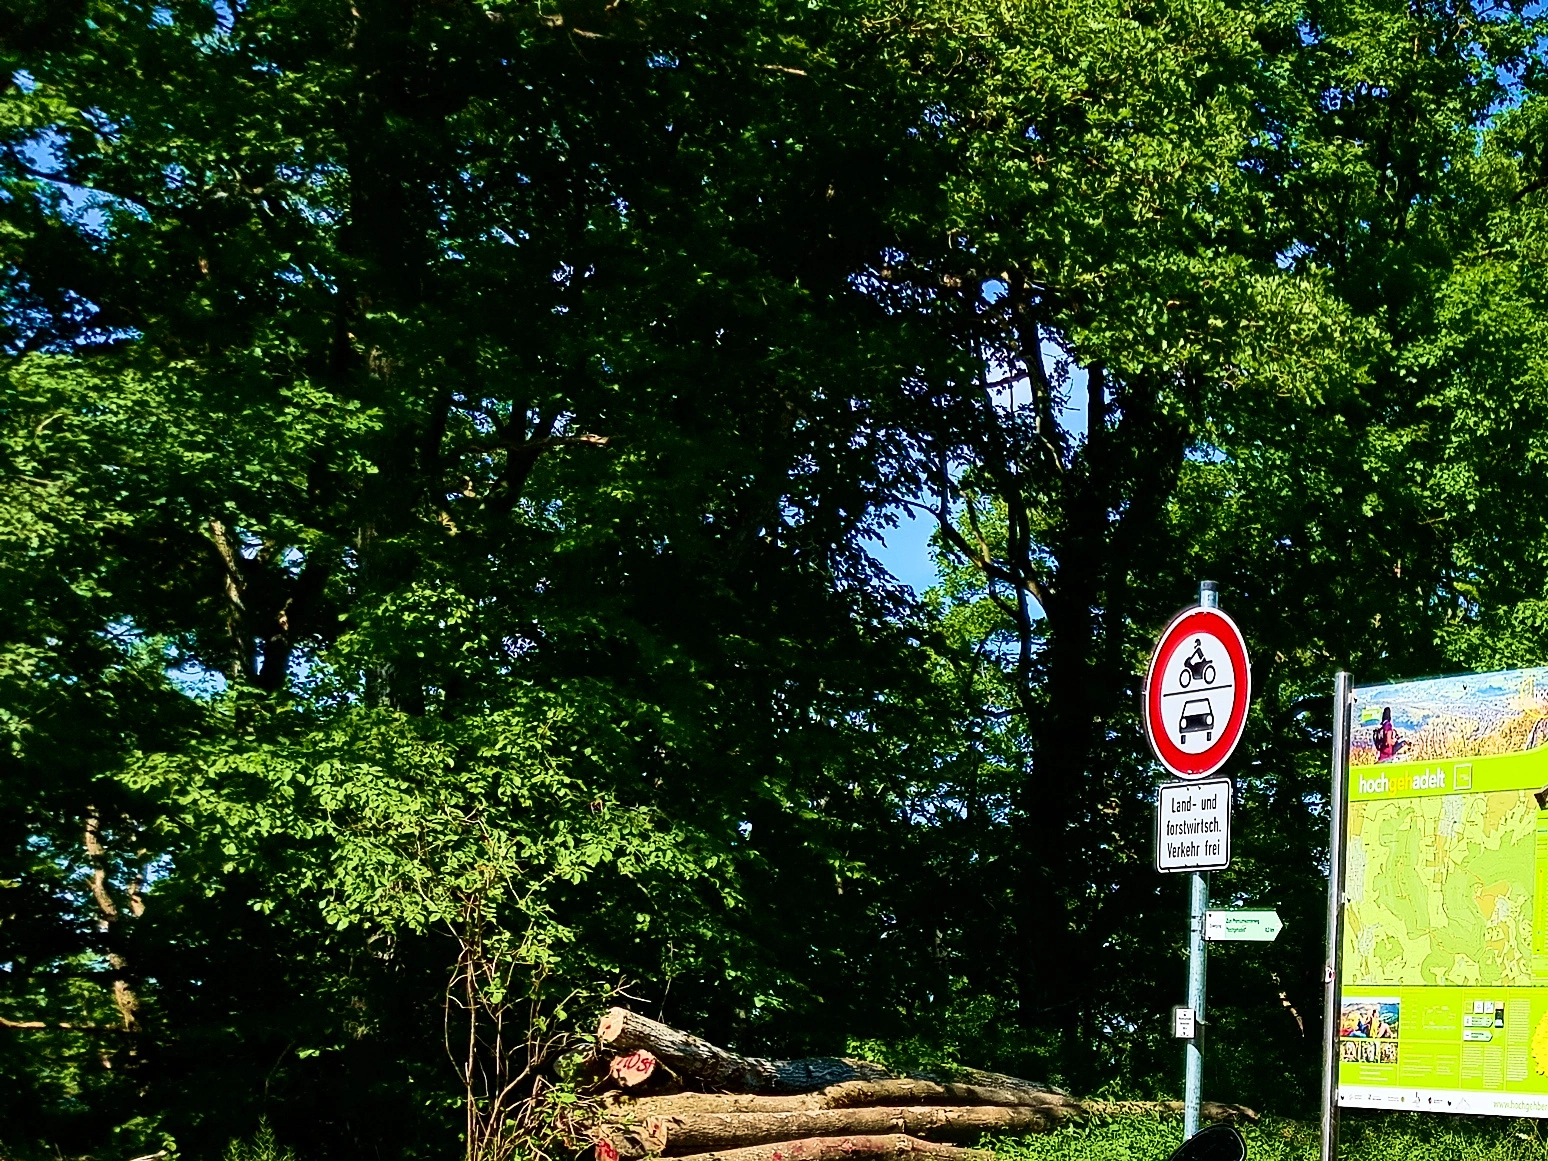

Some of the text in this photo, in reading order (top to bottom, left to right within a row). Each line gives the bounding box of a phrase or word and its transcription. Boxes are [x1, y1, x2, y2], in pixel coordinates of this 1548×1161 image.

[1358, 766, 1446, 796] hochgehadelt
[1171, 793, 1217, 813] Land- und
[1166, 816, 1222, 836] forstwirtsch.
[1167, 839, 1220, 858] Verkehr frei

-=-=-=-=-

■ What is expected
Repeat the listing in full and exactly. Leave any pictures out.

■ Output for this exercise
Some of the text in this photo, in reading order (top to bottom, left to right within a row). Each line gives the bounding box of a phrase or word and its transcription. Boxes are [x1, y1, x2, y2], in pixel coordinates of this 1548×1161 image.

[1358, 766, 1446, 796] hochgehadelt
[1171, 793, 1217, 813] Land- und
[1166, 816, 1222, 836] forstwirtsch.
[1167, 839, 1220, 858] Verkehr frei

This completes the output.